- [Supplied entries]
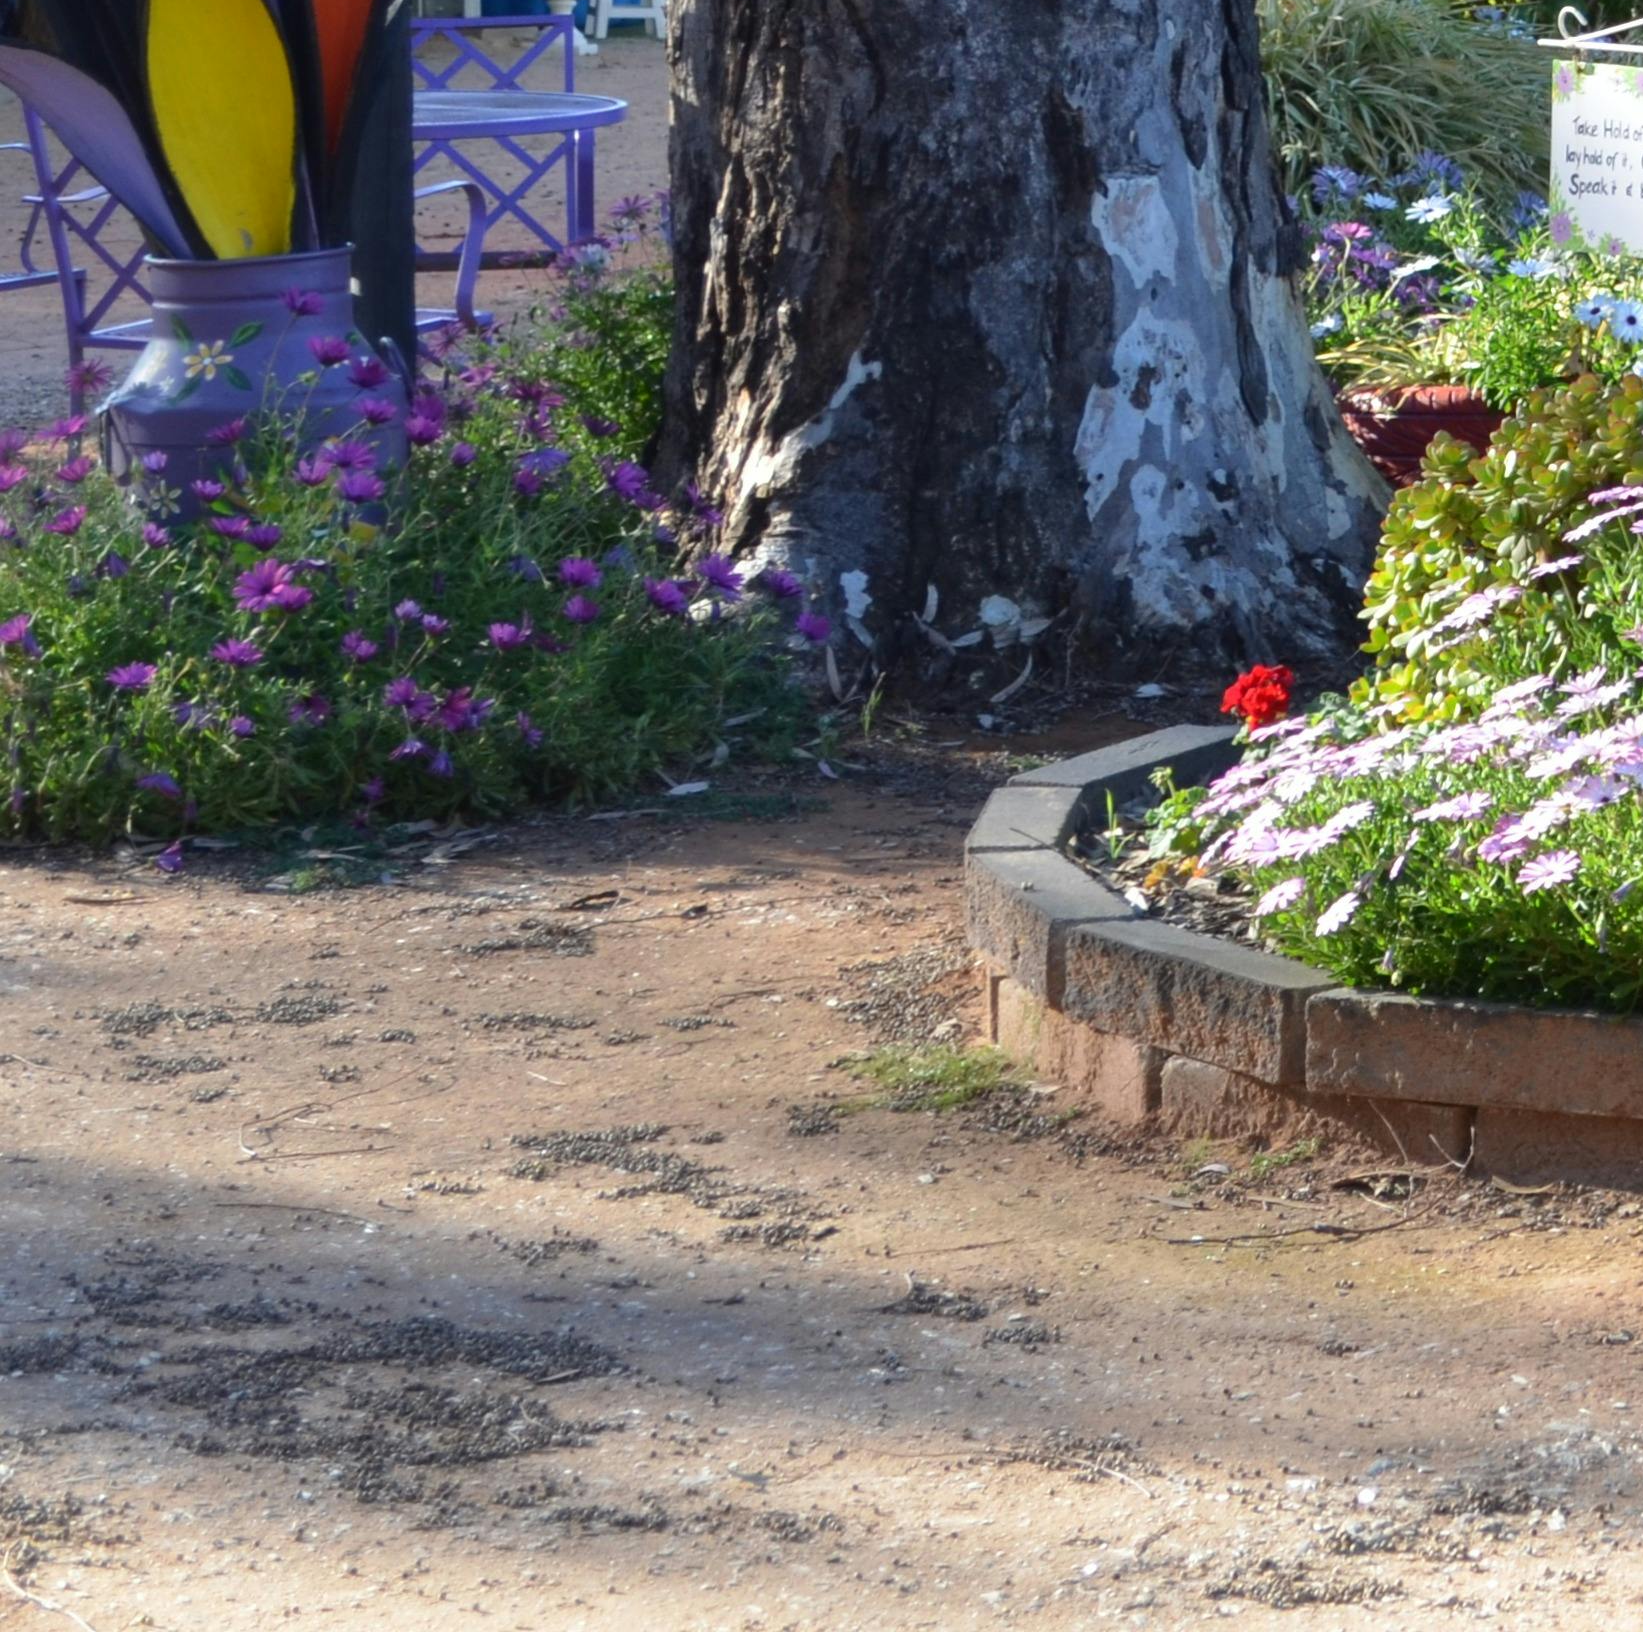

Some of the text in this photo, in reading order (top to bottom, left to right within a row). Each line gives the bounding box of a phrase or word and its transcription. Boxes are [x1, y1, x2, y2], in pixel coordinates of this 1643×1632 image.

...

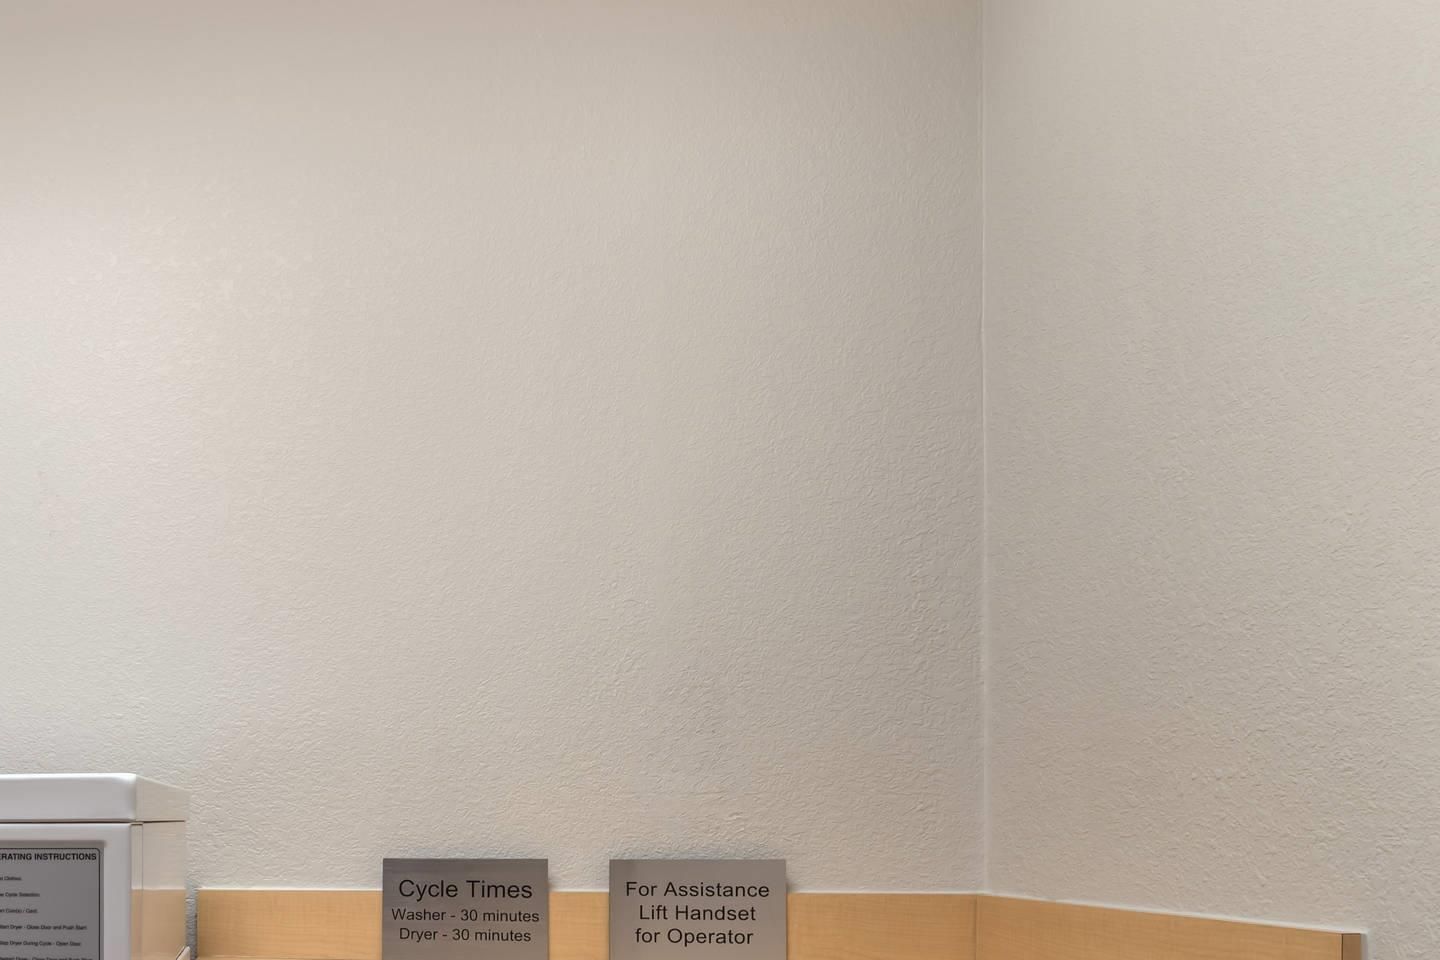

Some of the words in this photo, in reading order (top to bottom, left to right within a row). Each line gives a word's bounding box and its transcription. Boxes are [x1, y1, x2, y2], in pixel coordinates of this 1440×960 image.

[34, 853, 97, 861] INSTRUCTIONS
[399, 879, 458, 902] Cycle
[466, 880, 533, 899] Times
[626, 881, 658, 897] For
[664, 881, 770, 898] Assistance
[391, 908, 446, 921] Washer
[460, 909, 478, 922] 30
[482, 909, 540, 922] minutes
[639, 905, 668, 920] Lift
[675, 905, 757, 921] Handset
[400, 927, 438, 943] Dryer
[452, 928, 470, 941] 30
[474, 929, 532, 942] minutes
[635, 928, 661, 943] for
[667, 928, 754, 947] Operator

---

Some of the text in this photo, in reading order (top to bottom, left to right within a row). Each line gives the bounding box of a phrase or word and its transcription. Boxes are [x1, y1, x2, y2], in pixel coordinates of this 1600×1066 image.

- [Your goal]
Lines containing the word "phrase" must all be returned from the material above.

- [Written answer]
Some of the text in this photo, in reading order (top to bottom, left to right within a row). Each line gives the bounding box of a phrase or word and its transcription. Boxes are [x1, y1, x2, y2], in pixel coordinates of this 1643×1632 image.
Some of the text in this photo, in reading order (top to bottom, left to right within a row). Each line gives the bounding box of a phrase or word and its transcription. Boxes are [x1, y1, x2, y2], in pixel coordinates of this 1600×1066 image.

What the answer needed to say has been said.